A tool implementing what I described in a sane, fast, and reliable way would be much more complex than the proposed scripts; the recursive/deeply nested aspect – which I tried to emphasise in the OP, because that’s why I asked the question at all – is not at all addressed.

You need more than grepping the file list from all archives, which is trivial – and which I did before asking this question (with fd instead of find, same thing) – you need to identify archives therein, extract them, and repeat recursively. Given large archives, the memory management would not be trivial at all if you want your search to be done in parallel. Things get more difficult if you need to rely on magic numbers rather than extensions to identify archives. Then you need to extract everything (or just the first few bytes of each file if the archive format supports it). Whenever you extract anything, you need to be mindful of where you put it (tmpfs, preferably), lest you exceed the capacity of the current drive / wear out an SSD, etc, because you may need to extract GiBs of data.
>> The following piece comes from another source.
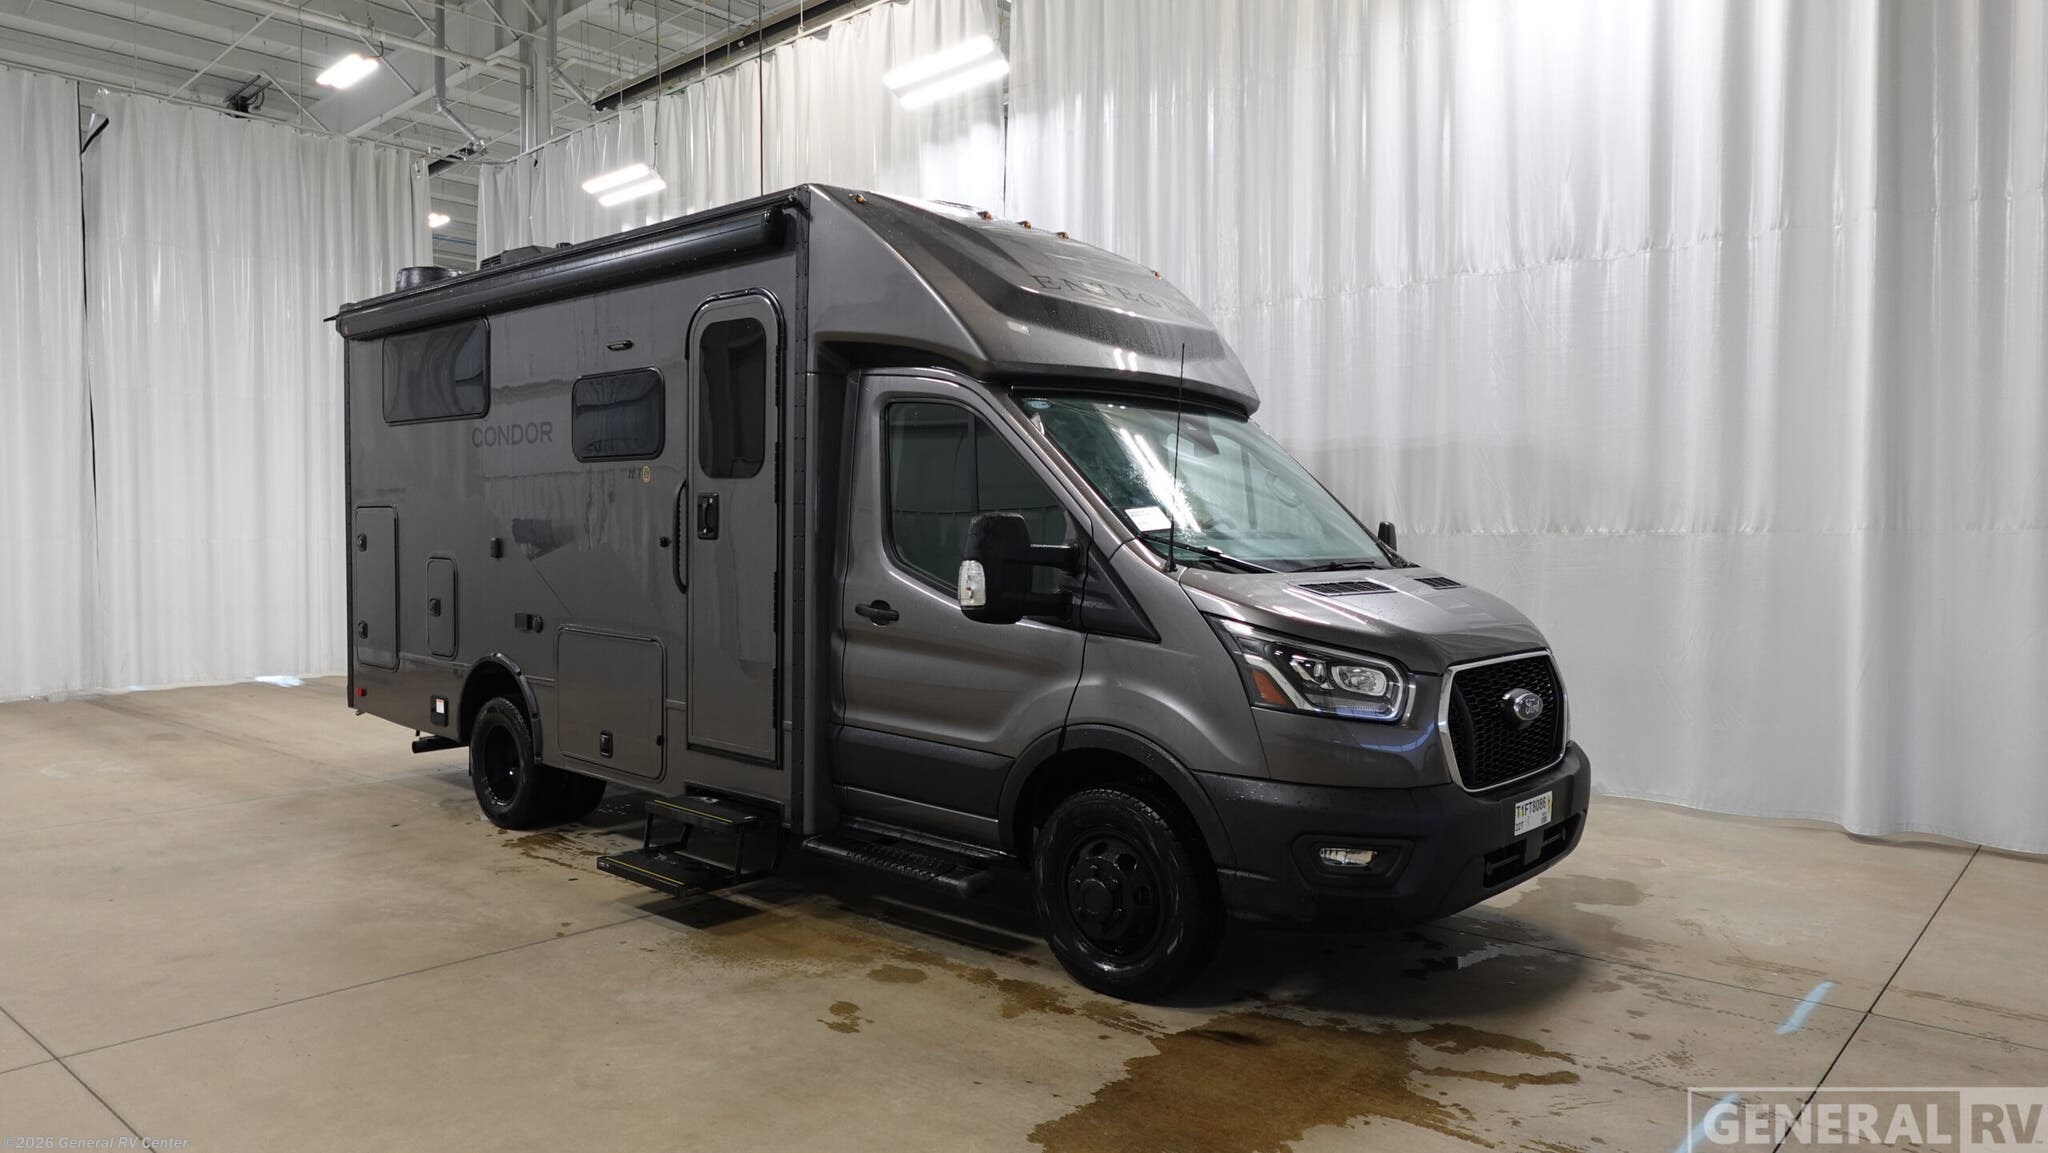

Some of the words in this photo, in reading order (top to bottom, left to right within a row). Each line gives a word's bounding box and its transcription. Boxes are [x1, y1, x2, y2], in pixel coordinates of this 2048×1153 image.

Those are just the obvious things if you want the tool to actually work in practice.

It’s a specialised problem that calls for a specialised tool with some actual thought and engineering put into it.

The fact that few search / grepping tools even attempt to support that kind of thing (ugrep is the only one that does it, to my knowledge) is an indication that it’s probably not trivial to get right.

At some point, I’ll probably patch together a kludge in Python to see whether I get lucky (no parallel search, no magic numbers).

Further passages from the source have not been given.